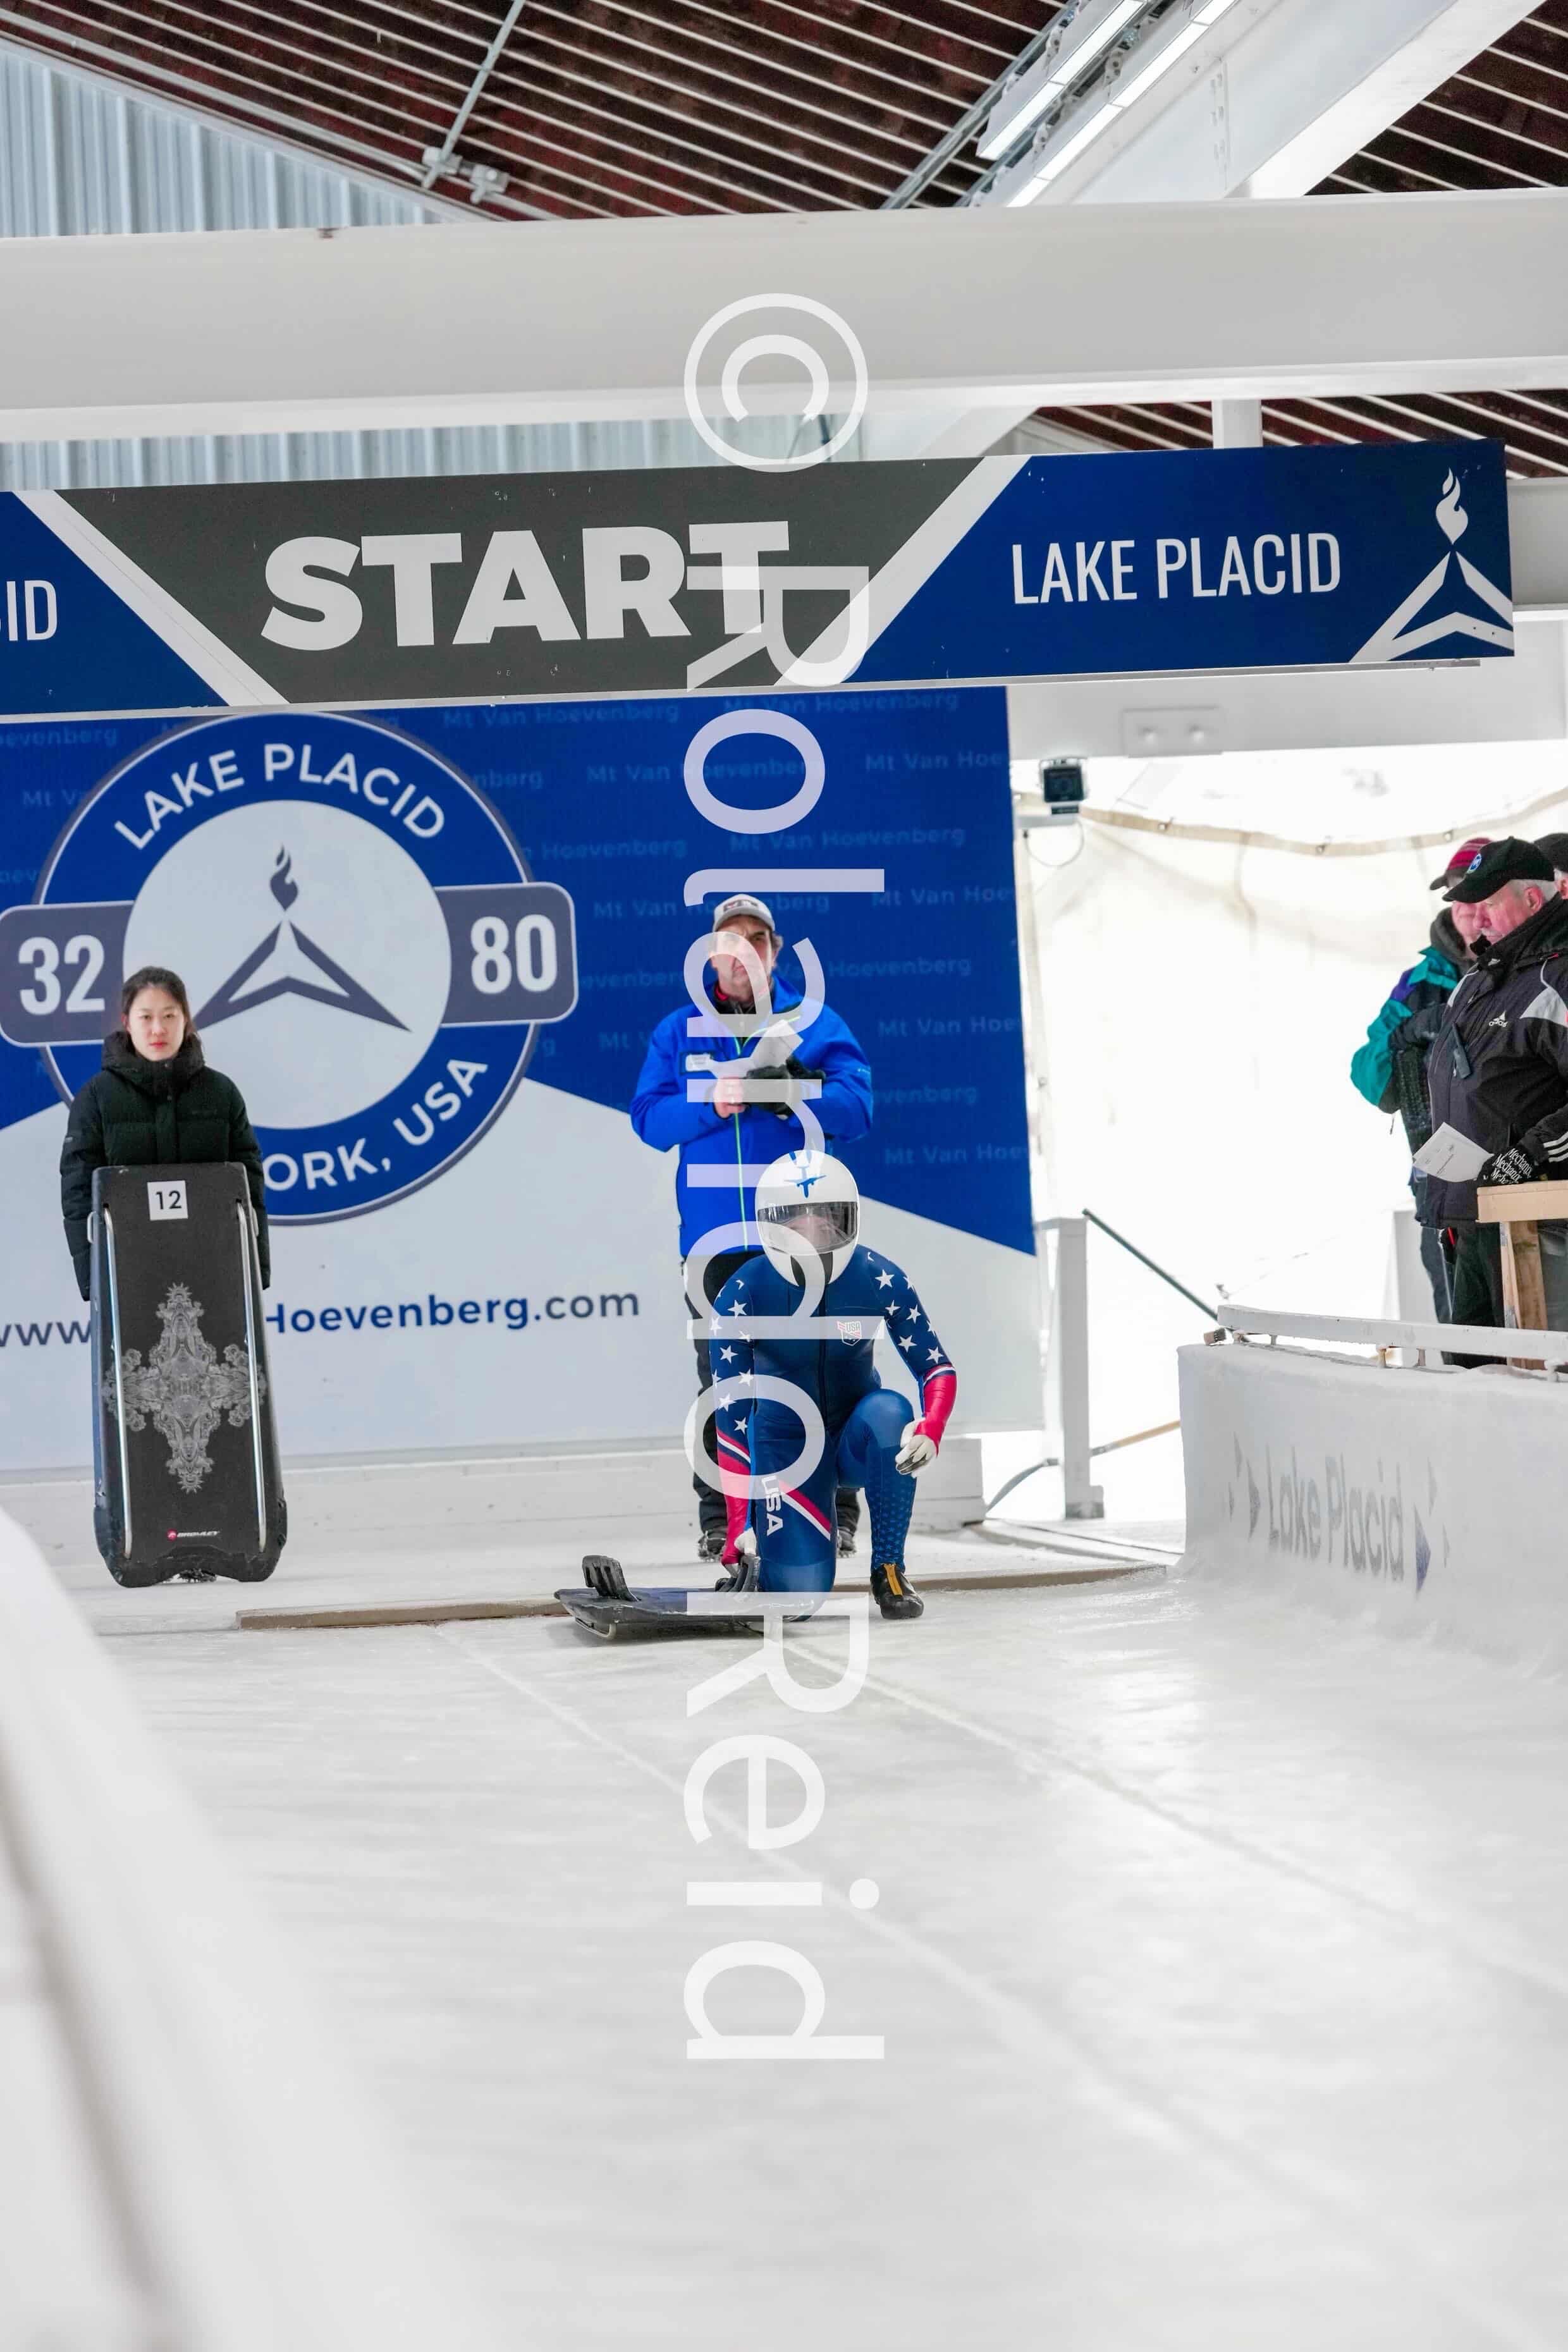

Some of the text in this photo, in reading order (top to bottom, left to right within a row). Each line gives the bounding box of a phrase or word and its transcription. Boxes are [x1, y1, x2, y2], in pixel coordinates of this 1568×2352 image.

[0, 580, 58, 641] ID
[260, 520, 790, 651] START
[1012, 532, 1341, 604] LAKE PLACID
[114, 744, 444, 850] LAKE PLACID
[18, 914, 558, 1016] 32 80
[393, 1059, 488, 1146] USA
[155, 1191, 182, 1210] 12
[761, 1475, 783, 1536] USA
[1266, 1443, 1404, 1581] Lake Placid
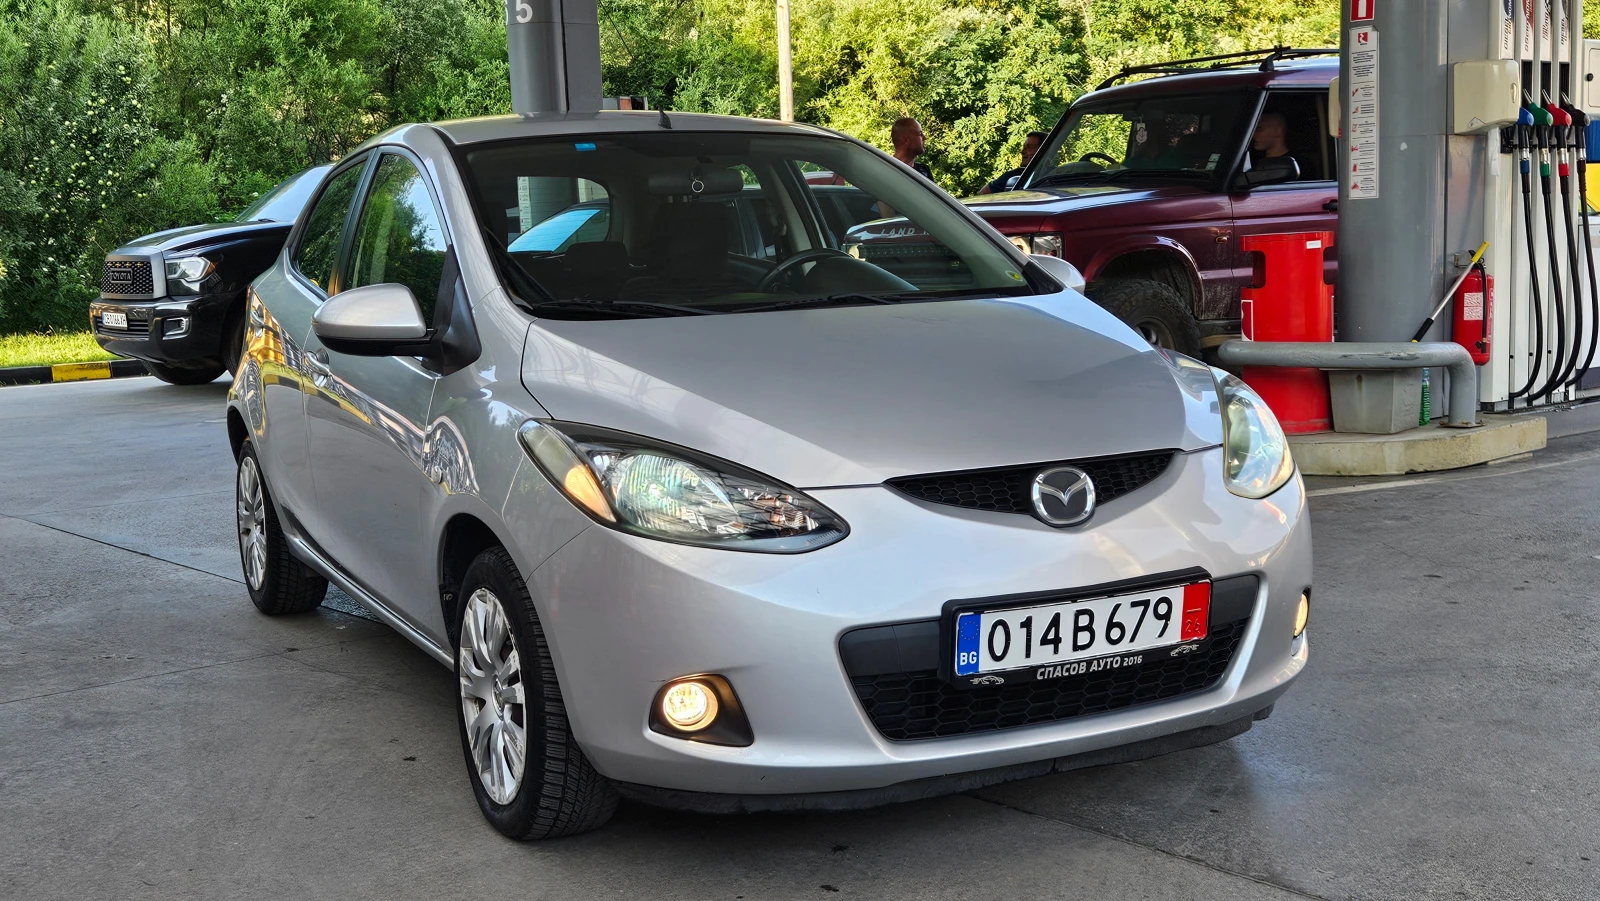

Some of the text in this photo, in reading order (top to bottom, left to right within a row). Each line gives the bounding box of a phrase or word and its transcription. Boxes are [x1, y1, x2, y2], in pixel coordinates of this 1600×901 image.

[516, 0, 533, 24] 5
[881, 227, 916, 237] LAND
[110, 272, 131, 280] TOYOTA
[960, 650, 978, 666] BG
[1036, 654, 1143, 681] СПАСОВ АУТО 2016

###

**What to work on**. Please repeat every line from the listing above exactly as it appears. Drop the pictures.

**Solved exercise**.
Some of the text in this photo, in reading order (top to bottom, left to right within a row). Each line gives the bounding box of a phrase or word and its transcription. Boxes are [x1, y1, x2, y2], in pixel coordinates of this 1568×2352 image.

[0, 580, 58, 641] ID
[260, 520, 790, 651] START
[1012, 532, 1341, 604] LAKE PLACID
[114, 744, 444, 850] LAKE PLACID
[18, 914, 558, 1016] 32 80
[393, 1059, 488, 1146] USA
[155, 1191, 182, 1210] 12
[761, 1475, 783, 1536] USA
[1266, 1443, 1404, 1581] Lake Placid

Some of the text in this photo, in reading order (top to bottom, left to right within a row). Each line gives the bounding box of a phrase or word and its transcription. Boxes are [x1, y1, x2, y2], in pixel coordinates of this 1600×901 image.

[516, 0, 533, 24] 5
[881, 227, 916, 237] LAND
[110, 272, 131, 280] TOYOTA
[960, 650, 978, 666] BG
[1036, 654, 1143, 681] СПАСОВ АУТО 2016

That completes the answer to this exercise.